▶ [Instructions to follow] Repeat the listing in full, preserving every character.

▶ [Data for the task]
----

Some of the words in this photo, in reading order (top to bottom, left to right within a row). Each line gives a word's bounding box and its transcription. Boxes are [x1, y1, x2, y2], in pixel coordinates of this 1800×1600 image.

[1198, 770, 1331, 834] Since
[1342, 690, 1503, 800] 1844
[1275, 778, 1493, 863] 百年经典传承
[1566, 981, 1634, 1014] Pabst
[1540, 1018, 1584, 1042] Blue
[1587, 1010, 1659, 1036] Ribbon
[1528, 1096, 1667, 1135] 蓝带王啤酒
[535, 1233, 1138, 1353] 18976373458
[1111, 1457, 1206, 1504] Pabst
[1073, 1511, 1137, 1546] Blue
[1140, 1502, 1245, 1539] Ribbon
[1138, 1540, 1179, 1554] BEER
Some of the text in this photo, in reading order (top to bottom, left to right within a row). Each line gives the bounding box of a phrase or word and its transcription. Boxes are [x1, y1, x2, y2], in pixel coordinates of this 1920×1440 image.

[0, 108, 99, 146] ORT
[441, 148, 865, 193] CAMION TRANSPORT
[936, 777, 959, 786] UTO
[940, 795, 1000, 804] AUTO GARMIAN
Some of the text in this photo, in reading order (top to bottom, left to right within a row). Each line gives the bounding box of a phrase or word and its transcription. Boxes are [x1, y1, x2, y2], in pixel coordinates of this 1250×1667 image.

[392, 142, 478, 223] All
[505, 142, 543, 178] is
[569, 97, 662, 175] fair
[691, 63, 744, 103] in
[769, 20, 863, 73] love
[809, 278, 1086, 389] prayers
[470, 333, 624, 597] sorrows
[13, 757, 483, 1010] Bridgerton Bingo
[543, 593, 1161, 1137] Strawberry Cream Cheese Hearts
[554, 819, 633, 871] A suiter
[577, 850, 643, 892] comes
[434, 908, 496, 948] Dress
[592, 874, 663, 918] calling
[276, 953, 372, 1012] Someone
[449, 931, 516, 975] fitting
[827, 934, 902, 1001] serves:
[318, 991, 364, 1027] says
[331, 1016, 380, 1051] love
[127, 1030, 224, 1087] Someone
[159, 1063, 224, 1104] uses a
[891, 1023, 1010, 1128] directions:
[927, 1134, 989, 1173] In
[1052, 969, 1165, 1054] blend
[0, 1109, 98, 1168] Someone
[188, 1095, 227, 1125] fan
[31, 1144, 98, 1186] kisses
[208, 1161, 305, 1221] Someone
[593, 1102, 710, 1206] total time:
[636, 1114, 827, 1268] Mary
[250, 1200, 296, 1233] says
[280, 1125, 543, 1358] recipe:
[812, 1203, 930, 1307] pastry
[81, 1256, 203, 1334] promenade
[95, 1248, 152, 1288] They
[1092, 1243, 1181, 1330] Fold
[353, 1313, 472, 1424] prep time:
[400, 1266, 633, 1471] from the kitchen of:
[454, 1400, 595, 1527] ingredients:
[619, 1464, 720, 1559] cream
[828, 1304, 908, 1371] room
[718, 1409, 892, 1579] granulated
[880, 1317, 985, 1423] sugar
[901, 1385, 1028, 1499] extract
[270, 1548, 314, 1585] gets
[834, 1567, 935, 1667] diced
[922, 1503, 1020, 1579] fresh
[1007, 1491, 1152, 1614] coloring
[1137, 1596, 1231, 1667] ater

----

▶ [Answer to this exercise]
Some of the words in this photo, in reading order (top to bottom, left to right within a row). Each line gives a word's bounding box and its transcription. Boxes are [x1, y1, x2, y2], in pixel coordinates of this 1800×1600 image.

[1198, 770, 1331, 834] Since
[1342, 690, 1503, 800] 1844
[1275, 778, 1493, 863] 百年经典传承
[1566, 981, 1634, 1014] Pabst
[1540, 1018, 1584, 1042] Blue
[1587, 1010, 1659, 1036] Ribbon
[1528, 1096, 1667, 1135] 蓝带王啤酒
[535, 1233, 1138, 1353] 18976373458
[1111, 1457, 1206, 1504] Pabst
[1073, 1511, 1137, 1546] Blue
[1140, 1502, 1245, 1539] Ribbon
[1138, 1540, 1179, 1554] BEER
Some of the text in this photo, in reading order (top to bottom, left to right within a row). Each line gives the bounding box of a phrase or word and its transcription. Boxes are [x1, y1, x2, y2], in pixel coordinates of this 1920×1440 image.

[0, 108, 99, 146] ORT
[441, 148, 865, 193] CAMION TRANSPORT
[936, 777, 959, 786] UTO
[940, 795, 1000, 804] AUTO GARMIAN
Some of the text in this photo, in reading order (top to bottom, left to right within a row). Each line gives the bounding box of a phrase or word and its transcription. Boxes are [x1, y1, x2, y2], in pixel coordinates of this 1250×1667 image.

[392, 142, 478, 223] All
[505, 142, 543, 178] is
[569, 97, 662, 175] fair
[691, 63, 744, 103] in
[769, 20, 863, 73] love
[809, 278, 1086, 389] prayers
[470, 333, 624, 597] sorrows
[13, 757, 483, 1010] Bridgerton Bingo
[543, 593, 1161, 1137] Strawberry Cream Cheese Hearts
[554, 819, 633, 871] A suiter
[577, 850, 643, 892] comes
[434, 908, 496, 948] Dress
[592, 874, 663, 918] calling
[276, 953, 372, 1012] Someone
[449, 931, 516, 975] fitting
[827, 934, 902, 1001] serves:
[318, 991, 364, 1027] says
[331, 1016, 380, 1051] love
[127, 1030, 224, 1087] Someone
[159, 1063, 224, 1104] uses a
[891, 1023, 1010, 1128] directions:
[927, 1134, 989, 1173] In
[1052, 969, 1165, 1054] blend
[0, 1109, 98, 1168] Someone
[188, 1095, 227, 1125] fan
[31, 1144, 98, 1186] kisses
[208, 1161, 305, 1221] Someone
[593, 1102, 710, 1206] total time:
[636, 1114, 827, 1268] Mary
[250, 1200, 296, 1233] says
[280, 1125, 543, 1358] recipe:
[812, 1203, 930, 1307] pastry
[81, 1256, 203, 1334] promenade
[95, 1248, 152, 1288] They
[1092, 1243, 1181, 1330] Fold
[353, 1313, 472, 1424] prep time:
[400, 1266, 633, 1471] from the kitchen of:
[454, 1400, 595, 1527] ingredients:
[619, 1464, 720, 1559] cream
[828, 1304, 908, 1371] room
[718, 1409, 892, 1579] granulated
[880, 1317, 985, 1423] sugar
[901, 1385, 1028, 1499] extract
[270, 1548, 314, 1585] gets
[834, 1567, 935, 1667] diced
[922, 1503, 1020, 1579] fresh
[1007, 1491, 1152, 1614] coloring
[1137, 1596, 1231, 1667] ater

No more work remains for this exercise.